Ignoring everything else, he started off towards the monument, dragging his kill cumbersomely along behind him. The animal weighed more than it ever seemed to when it was alive, making the relatively short walk seem like a monumental hike, but hell if he were going to miss this. His footsteps making a soft shuk-shuk sound as he walked, he carried on to the monument. The grass swayed in the wind, though as he came closer, he noticed that the grass seemed to gradually flatten down, as if bowing down to a mighty being. He smiled, before setting down his prey and turning around; up close, the monumental structure seemed even more unbelievable than it had in the distance. He gazed upward at it, shielding his eyes from the blazing sun with his large, hairy hand. His jagged fingernails created a strange shadow over his face, as he held his ever wavering hand up to the light. The rock pillars of the structure glared dully down on him, as if to say ‘go away’. This palace, Nan’uk realized, was meant for something bigger. Ignoring this, and all other instincts telling him to run, in a haze of morbid curiosity, he stepped into the ring.

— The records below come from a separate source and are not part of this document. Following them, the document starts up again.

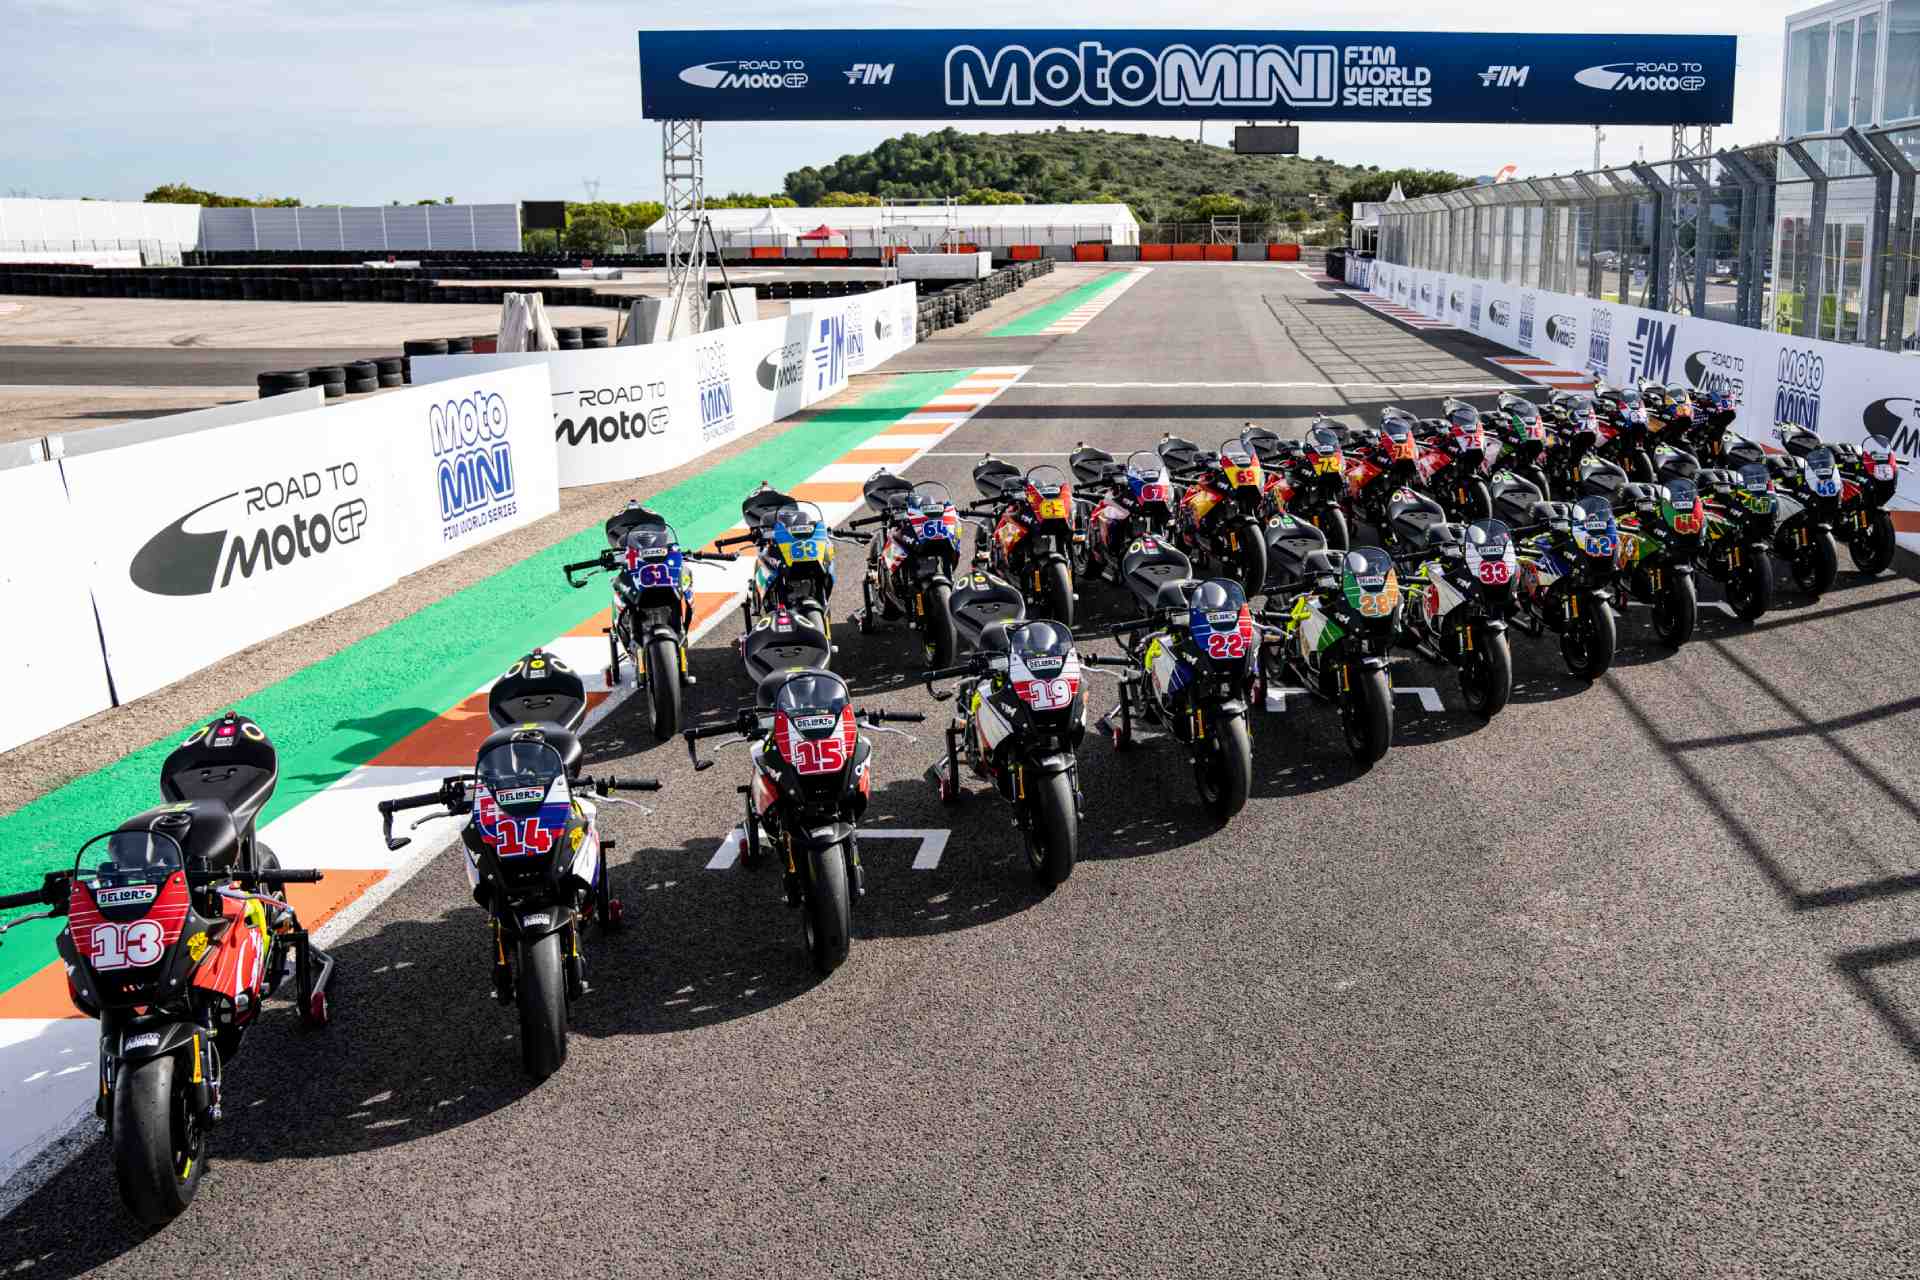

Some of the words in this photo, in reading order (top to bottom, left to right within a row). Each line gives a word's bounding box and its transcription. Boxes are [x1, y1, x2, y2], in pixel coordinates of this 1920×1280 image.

[738, 60, 781, 70] ROAD
[783, 60, 805, 70] TO
[1344, 46, 1396, 65] FIM
[1635, 62, 1678, 73] ROAD
[1682, 62, 1703, 73] TO
[720, 72, 809, 88] MotoGP
[842, 63, 896, 85] FIM
[1344, 66, 1431, 86] WORLD
[1477, 65, 1530, 87] FIM
[1615, 74, 1705, 91] MotoGP
[1343, 87, 1433, 107] SERIES
[812, 313, 845, 391] FIM
[1628, 317, 1677, 385] FIM
[1712, 352, 1731, 368] ROAD
[1734, 357, 1744, 372] TO
[1778, 347, 1824, 392] Moto
[579, 384, 644, 408] ROAD
[647, 381, 667, 399] TO
[699, 380, 735, 429] MINI
[1774, 385, 1821, 433] MINI
[429, 390, 508, 457] Moto
[244, 471, 322, 516] ROAD
[326, 461, 359, 491] TO
[438, 441, 515, 522] MINI
[443, 524, 460, 543] FIM
[460, 512, 488, 534] WORLD
[488, 501, 518, 523] SERIES
[922, 519, 948, 539] 64
[220, 497, 368, 588] MotoGP
[791, 539, 819, 561] 63
[1479, 561, 1510, 584] 33
[1208, 633, 1245, 659] 22
[1030, 679, 1072, 711] 19
[794, 738, 845, 775] 15
[496, 817, 552, 857] 14
[91, 919, 164, 971] 13

Inside, Nan’uk could see everything about this place. It was a large circle, its edges defined by stone slabs standing upright like dominos, holding up other slabs on top of them. The dark grey pillars cast glaring shadows down into the middle of the circle, making the shape of a crescent moon. He walked up to a single pillar, his eyes darting around the place, as if to watch for something that wasn’t there. The way the grass bent down towards the center of the circle before wholly disappearing, the way the sun seemed to brighten nearer to the middle of the circle, everything about it offset him… just a little bit. Still, he had to know more about this place, more about the way it worked, enough to explain away everything strange about it. He wanted, no, needed to know more. He came up to a stone pillar. The smooth stone seemed to glow in the mid afternoon sun, the heat almost radiated off of the stone. He looked at it, before cautiously reaching his hand out.
Then, he touched it.
Every bone in his body screamed out with pain, creating a single, wavering howl. He drew his hand away, and staggered backwards, the pain still wracking his body. Waves of it washed over him like seas washing over rock; the frothing agony viciously attacked him, making him fall heavily onto his stomach before losing consciousness. He closed his eyes for the final time before all the life drained away from him.

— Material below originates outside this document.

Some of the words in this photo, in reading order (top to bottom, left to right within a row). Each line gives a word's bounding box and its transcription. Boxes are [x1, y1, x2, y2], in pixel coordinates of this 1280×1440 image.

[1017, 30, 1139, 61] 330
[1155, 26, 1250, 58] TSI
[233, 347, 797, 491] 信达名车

A mortal had desecrated their meeting place. They could no longer go where they had gone so many times to discuss great matters that a mind like that human’s could never understand. They had worked tirelessly for years upon years to put this planet in perfect balance, to try to help its pitiful creatures reach the pinnacle of art, philosophy and science, but that was all gone now. It was a shame to lose so much from a simple man, running his hand along a stone pillar. Ah, well. They still had many more tries to get this right. Time and nature would wear away this place now that it was no longer protected. It would be interesting to see where the creatures of this planet went without help, but that would be a matter for later. For now, they simply had to find a new place to go.
Stonehenge. A meeting place of the gods. The great stone slabs decorating the land weren’t put there by mortal man, but rather by god. So why, you ask, do they no longer answer our prayers? That’s simple. They’ve moved on. We are but one in a line of many, and they have long forgotten us since.